→ DATASET RECORDS:
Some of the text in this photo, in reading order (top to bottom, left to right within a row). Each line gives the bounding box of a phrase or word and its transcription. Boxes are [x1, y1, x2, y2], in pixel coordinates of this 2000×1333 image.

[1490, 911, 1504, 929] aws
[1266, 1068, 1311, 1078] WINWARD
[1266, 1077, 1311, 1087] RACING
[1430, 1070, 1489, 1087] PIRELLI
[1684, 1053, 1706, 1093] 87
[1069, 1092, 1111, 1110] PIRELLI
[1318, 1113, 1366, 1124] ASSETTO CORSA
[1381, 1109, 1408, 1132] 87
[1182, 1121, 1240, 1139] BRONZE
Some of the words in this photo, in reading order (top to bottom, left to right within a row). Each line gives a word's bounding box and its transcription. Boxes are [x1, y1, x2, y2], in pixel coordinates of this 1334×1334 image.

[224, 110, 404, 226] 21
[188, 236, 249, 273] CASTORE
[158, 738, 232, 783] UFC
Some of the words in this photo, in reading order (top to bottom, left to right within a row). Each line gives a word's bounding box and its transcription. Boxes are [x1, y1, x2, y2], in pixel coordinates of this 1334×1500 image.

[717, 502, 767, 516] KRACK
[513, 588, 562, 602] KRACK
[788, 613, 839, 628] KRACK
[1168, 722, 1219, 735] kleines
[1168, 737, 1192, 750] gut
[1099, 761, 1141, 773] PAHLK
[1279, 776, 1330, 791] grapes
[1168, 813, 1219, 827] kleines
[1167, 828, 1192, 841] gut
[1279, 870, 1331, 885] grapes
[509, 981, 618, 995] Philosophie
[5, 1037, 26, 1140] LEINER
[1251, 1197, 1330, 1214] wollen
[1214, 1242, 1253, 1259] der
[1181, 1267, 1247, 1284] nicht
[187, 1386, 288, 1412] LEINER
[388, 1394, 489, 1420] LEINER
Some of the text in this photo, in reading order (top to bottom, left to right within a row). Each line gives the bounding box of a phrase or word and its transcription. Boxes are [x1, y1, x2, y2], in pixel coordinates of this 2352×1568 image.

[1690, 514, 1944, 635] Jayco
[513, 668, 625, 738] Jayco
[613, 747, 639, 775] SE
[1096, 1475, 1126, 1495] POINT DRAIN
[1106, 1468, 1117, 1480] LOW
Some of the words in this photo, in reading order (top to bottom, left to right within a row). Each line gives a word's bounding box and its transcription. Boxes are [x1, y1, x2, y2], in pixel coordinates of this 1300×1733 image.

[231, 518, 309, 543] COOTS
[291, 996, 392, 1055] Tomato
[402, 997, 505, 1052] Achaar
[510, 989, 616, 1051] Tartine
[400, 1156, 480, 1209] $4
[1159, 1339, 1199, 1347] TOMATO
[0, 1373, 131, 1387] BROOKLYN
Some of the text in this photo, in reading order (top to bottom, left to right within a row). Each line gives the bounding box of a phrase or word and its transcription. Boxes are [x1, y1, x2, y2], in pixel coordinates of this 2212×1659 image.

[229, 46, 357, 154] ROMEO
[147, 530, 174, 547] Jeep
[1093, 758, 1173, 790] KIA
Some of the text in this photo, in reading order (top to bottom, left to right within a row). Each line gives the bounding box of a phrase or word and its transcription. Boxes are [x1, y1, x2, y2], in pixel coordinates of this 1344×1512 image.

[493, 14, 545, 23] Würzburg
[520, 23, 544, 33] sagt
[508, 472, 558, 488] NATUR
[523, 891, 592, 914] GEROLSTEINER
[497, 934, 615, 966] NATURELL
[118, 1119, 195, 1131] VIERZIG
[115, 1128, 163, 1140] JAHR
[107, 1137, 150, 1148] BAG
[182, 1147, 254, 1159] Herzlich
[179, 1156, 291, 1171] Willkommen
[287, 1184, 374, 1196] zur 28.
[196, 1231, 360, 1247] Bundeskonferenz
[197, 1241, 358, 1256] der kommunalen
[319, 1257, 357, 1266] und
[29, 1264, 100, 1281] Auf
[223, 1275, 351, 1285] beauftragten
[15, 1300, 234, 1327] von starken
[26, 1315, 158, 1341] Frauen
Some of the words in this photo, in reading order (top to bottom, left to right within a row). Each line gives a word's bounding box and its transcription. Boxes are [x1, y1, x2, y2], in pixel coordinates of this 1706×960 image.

→ ABOUT THIS EXERCISE:
The whole listing needs copying. Write it out exactly.

→ SOLVED PROBLEM:
Some of the text in this photo, in reading order (top to bottom, left to right within a row). Each line gives the bounding box of a phrase or word and its transcription. Boxes are [x1, y1, x2, y2], in pixel coordinates of this 2000×1333 image.

[1490, 911, 1504, 929] aws
[1266, 1068, 1311, 1078] WINWARD
[1266, 1077, 1311, 1087] RACING
[1430, 1070, 1489, 1087] PIRELLI
[1684, 1053, 1706, 1093] 87
[1069, 1092, 1111, 1110] PIRELLI
[1318, 1113, 1366, 1124] ASSETTO CORSA
[1381, 1109, 1408, 1132] 87
[1182, 1121, 1240, 1139] BRONZE
Some of the words in this photo, in reading order (top to bottom, left to right within a row). Each line gives a word's bounding box and its transcription. Boxes are [x1, y1, x2, y2], in pixel coordinates of this 1334×1334 image.

[224, 110, 404, 226] 21
[188, 236, 249, 273] CASTORE
[158, 738, 232, 783] UFC
Some of the words in this photo, in reading order (top to bottom, left to right within a row). Each line gives a word's bounding box and its transcription. Boxes are [x1, y1, x2, y2], in pixel coordinates of this 1334×1500 image.

[717, 502, 767, 516] KRACK
[513, 588, 562, 602] KRACK
[788, 613, 839, 628] KRACK
[1168, 722, 1219, 735] kleines
[1168, 737, 1192, 750] gut
[1099, 761, 1141, 773] PAHLK
[1279, 776, 1330, 791] grapes
[1168, 813, 1219, 827] kleines
[1167, 828, 1192, 841] gut
[1279, 870, 1331, 885] grapes
[509, 981, 618, 995] Philosophie
[5, 1037, 26, 1140] LEINER
[1251, 1197, 1330, 1214] wollen
[1214, 1242, 1253, 1259] der
[1181, 1267, 1247, 1284] nicht
[187, 1386, 288, 1412] LEINER
[388, 1394, 489, 1420] LEINER
Some of the text in this photo, in reading order (top to bottom, left to right within a row). Each line gives the bounding box of a phrase or word and its transcription. Boxes are [x1, y1, x2, y2], in pixel coordinates of this 2352×1568 image.

[1690, 514, 1944, 635] Jayco
[513, 668, 625, 738] Jayco
[613, 747, 639, 775] SE
[1096, 1475, 1126, 1495] POINT DRAIN
[1106, 1468, 1117, 1480] LOW
Some of the words in this photo, in reading order (top to bottom, left to right within a row). Each line gives a word's bounding box and its transcription. Boxes are [x1, y1, x2, y2], in pixel coordinates of this 1300×1733 image.

[231, 518, 309, 543] COOTS
[291, 996, 392, 1055] Tomato
[402, 997, 505, 1052] Achaar
[510, 989, 616, 1051] Tartine
[400, 1156, 480, 1209] $4
[1159, 1339, 1199, 1347] TOMATO
[0, 1373, 131, 1387] BROOKLYN
Some of the text in this photo, in reading order (top to bottom, left to right within a row). Each line gives the bounding box of a phrase or word and its transcription. Boxes are [x1, y1, x2, y2], in pixel coordinates of this 2212×1659 image.

[229, 46, 357, 154] ROMEO
[147, 530, 174, 547] Jeep
[1093, 758, 1173, 790] KIA
Some of the text in this photo, in reading order (top to bottom, left to right within a row). Each line gives the bounding box of a phrase or word and its transcription. Boxes are [x1, y1, x2, y2], in pixel coordinates of this 1344×1512 image.

[493, 14, 545, 23] Würzburg
[520, 23, 544, 33] sagt
[508, 472, 558, 488] NATUR
[523, 891, 592, 914] GEROLSTEINER
[497, 934, 615, 966] NATURELL
[118, 1119, 195, 1131] VIERZIG
[115, 1128, 163, 1140] JAHR
[107, 1137, 150, 1148] BAG
[182, 1147, 254, 1159] Herzlich
[179, 1156, 291, 1171] Willkommen
[287, 1184, 374, 1196] zur 28.
[196, 1231, 360, 1247] Bundeskonferenz
[197, 1241, 358, 1256] der kommunalen
[319, 1257, 357, 1266] und
[29, 1264, 100, 1281] Auf
[223, 1275, 351, 1285] beauftragten
[15, 1300, 234, 1327] von starken
[26, 1315, 158, 1341] Frauen
Some of the words in this photo, in reading order (top to bottom, left to right within a row). Each line gives a word's bounding box and its transcription. Boxes are [x1, y1, x2, y2], in pixel coordinates of this 1706×960 image.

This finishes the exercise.